O programa de Adestramento Mental busca incentivar a agilidade mental das pessoas idosas, trabalhando a memória de forma dinâmica e distendida, se valendo da neuropsicologia de associação. Para manter a pessoa idosa ativa mentalmente, apela-se para a intergeracionalidade e a aplicativos tecnológicos de exercícios mentais e de cálculo. Também são organizadas excursões para fortalecer os vínculos grupais e, para completar, o que tem feito muito sucesso, exercícios de imersão em realidade virtual, utilizando óculos especiais para executar atividades, aumentando o grau de dificuldade segundo a evolução e a condição física de cada usuário.

Usando óculos virtual, uma pessoa idosa pode percorrer o Caminho de Santiago na comodidade do sofá, sem correr o risco de cair e se machucar, mas sem direito à Compostela, o certificado oferecido a quem percorre mais de 100 km a pé, em um dos caminhos oficiais.

Quem parte de La Corunha, por exemplo, ao chegar em Santiago terá percorrido pouco mais de 70 km, percurso insuficiente para quem deseja a Compostela, o jeito é seguir andando, ir mais além (ultreia). Mas para onde? Fisterra e Muxía, é um combo. Oficialmente, existem três marcos zero e, ao percorrê-los, no lugar de uma Compostela, o peregrino alcança três, as outras também têm nome próprio: Muxiana e Fisterrana. Ultreia, siga mais além, você não vai se arrepender.

Mas o que há nesses lugares que justifique estender a viagem?

Não pergunte, vá. Será um novo mergulho na história, nos mitos, na sua jornada pessoal. O apóstolo peregrino, Tiago Maior, anda de Iria Flavia até o fim do mundo (Fisterra e Muxía). Chegando lá, sente-se desanimado. Apesar de haver conquistado muitos seguidores na Galícia, em uma aldeia o povo vira a cara para sua pregação, são animistas, veneram o sol, as estrelas, as pedras, as águas, as árvores. Desanimado, o apóstolo chora, e são tantas as lágrimas que a aldeia inteira afunda e seus habitantes desaparecem.

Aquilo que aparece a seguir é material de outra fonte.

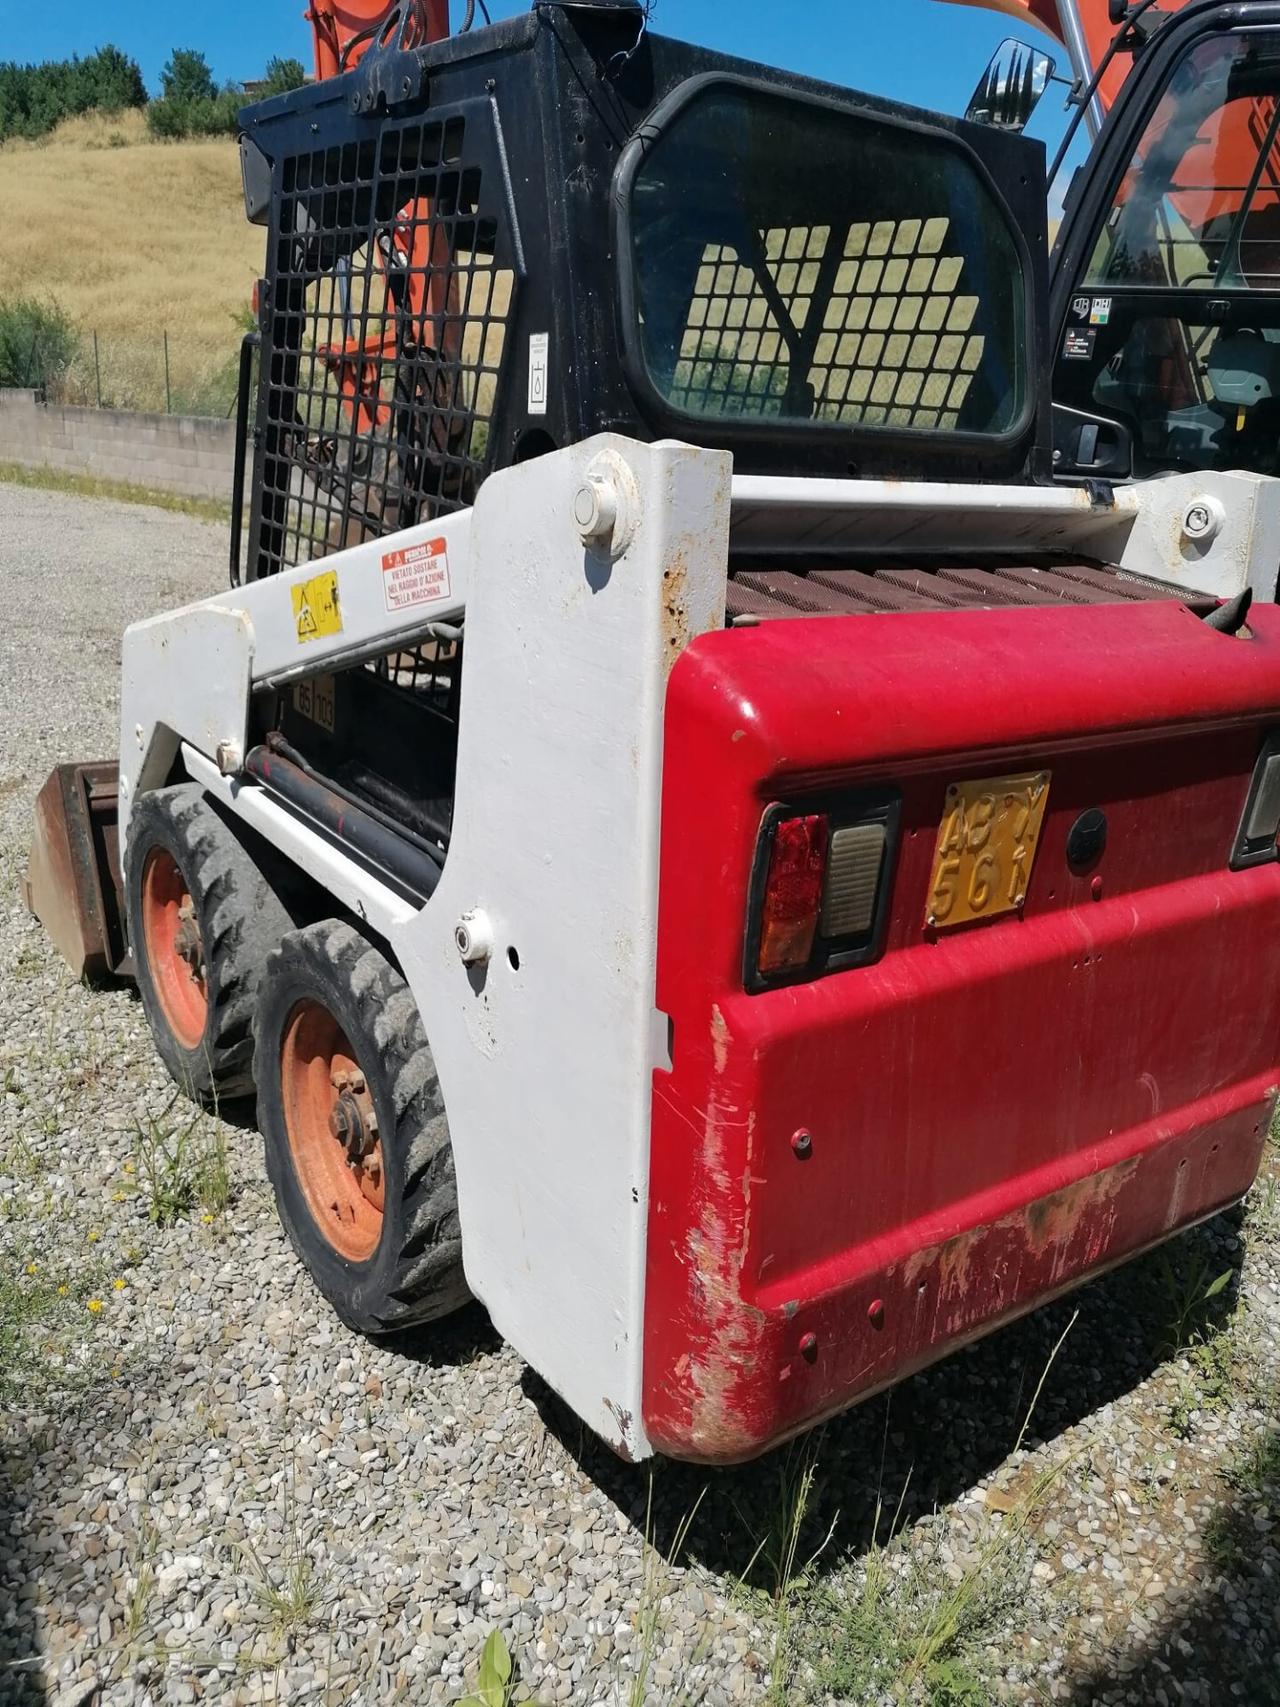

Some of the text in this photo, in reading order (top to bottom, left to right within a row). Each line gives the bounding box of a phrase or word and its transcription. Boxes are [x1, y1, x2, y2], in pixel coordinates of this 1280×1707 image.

[392, 559, 437, 580] VIETATO SOSTARE
[388, 584, 398, 594] NEL
[398, 578, 418, 592] RAGGIO
[394, 585, 441, 606] DELLA MACCHINA

O apóstolo sobe o Monte Facho e encontra uma formação de pedra, um altar pagão, Ara Solis, bem diante do mais belo pôr do sol, a quem eles adoram, seu Deus maior. Ali acompanham a morte do sol, diariamente, naquele que acreditam ser o portão pelo qual os mortos se despedem da vida. Tiago, enfurecido, destrói o altar, esmaga as pedras como se fossem cascas de ovos. Desconsolado, contempla a vastidão do mar. Não há mais lugar para onde ir, e no último desses lugares falha como pregador. O Mar Tenebroso, como era conhecido o Atlântico, de repente se acalma. Surge no horizonte uma embarcação de pedra. Aproxima-se mais e mais dos penhascos, da Costa da Morte. A passageira divina flutua junto com a barca de pedra, desembarca e se coloca em segurança antes que o mar volte a se encher de fúria e cuspa a embarcação que se divide em três.

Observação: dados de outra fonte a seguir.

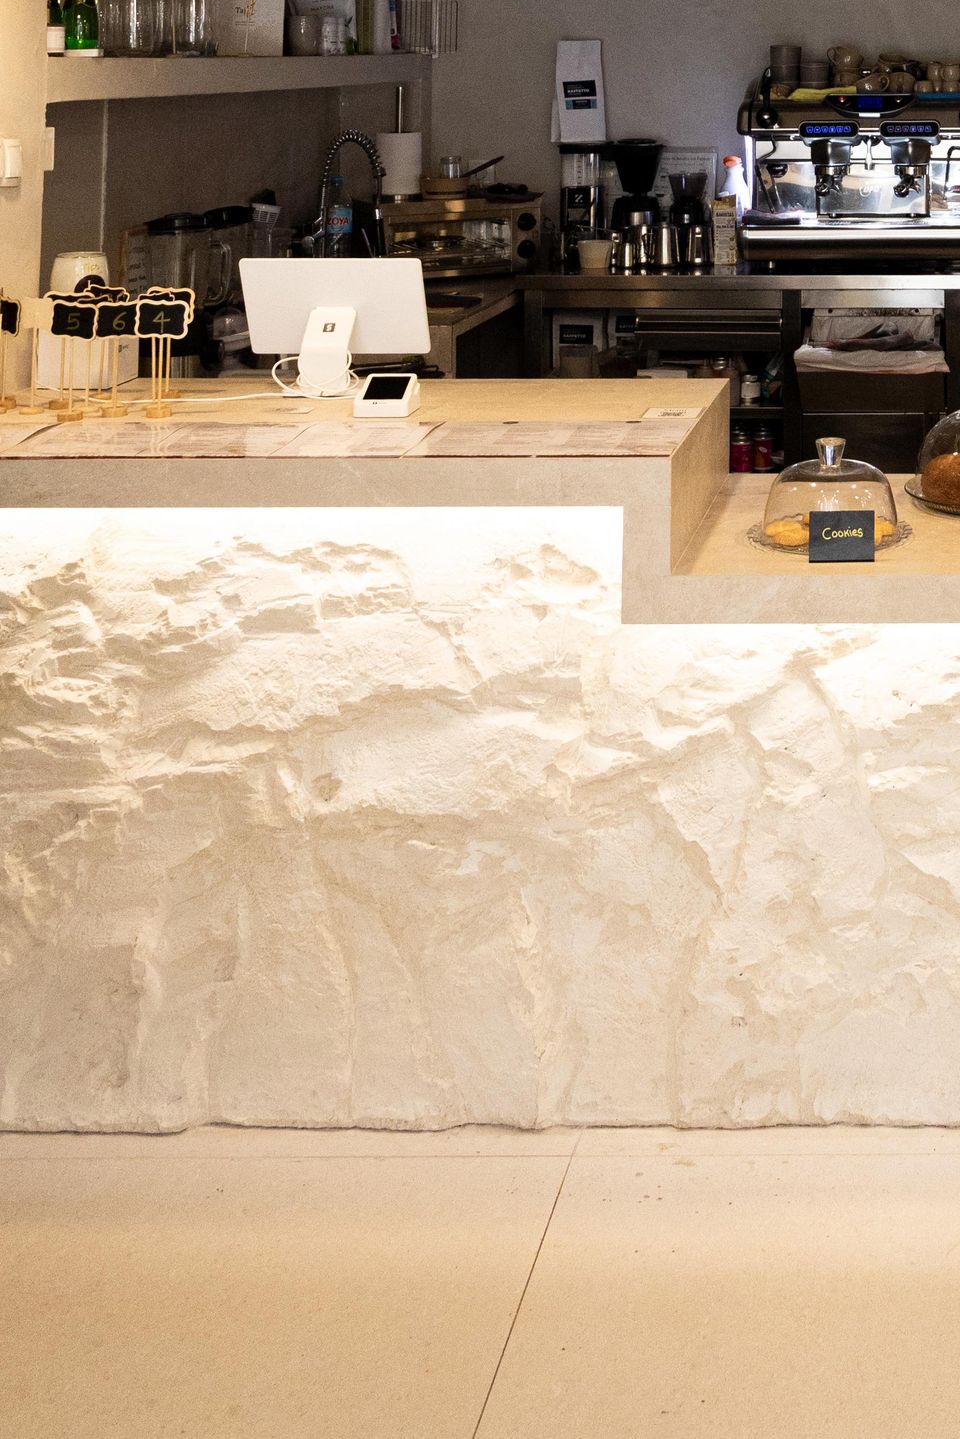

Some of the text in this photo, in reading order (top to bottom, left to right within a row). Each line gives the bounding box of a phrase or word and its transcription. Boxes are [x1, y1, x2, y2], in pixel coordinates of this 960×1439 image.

[66, 313, 81, 330] 5
[112, 312, 127, 330] 6
[152, 311, 171, 333] 4
[821, 526, 864, 540] Cookies

Tiago se prosta diante de sua tia, a mãe de Jesus, a Virgem Maria. Virgem da Barca de Pedra, como se torna conhecida na região. Ela se aproxima do apóstolo, que deita a cabeça no seu colo e ouve seus conselhos. A Virgem dá a ele a certeza de que sua missão de peregrino está cumprida. É hora de retornar a Terra Santa. Tiago é transportado num passe de mágica para Jerusalém, prega, torna-se bispo da Igreja Primitiva, mas acaba perdendo a cabeça, decapitado, porque o Herodes da vez entende que pregar na cruz dá muito trabalho e significa mais munição para os cristãos que depois da morte de Cristo passaram a andar com cruzes penduradas no pescoço. Os discípulos do apóstolo resgatam seu corpo, sem esquecer a cabeça, e se lançam com ele ao mar, em outra jangada de pedra, com destino a Galícia, a terra escolhida pelo apóstolo para evangelizar.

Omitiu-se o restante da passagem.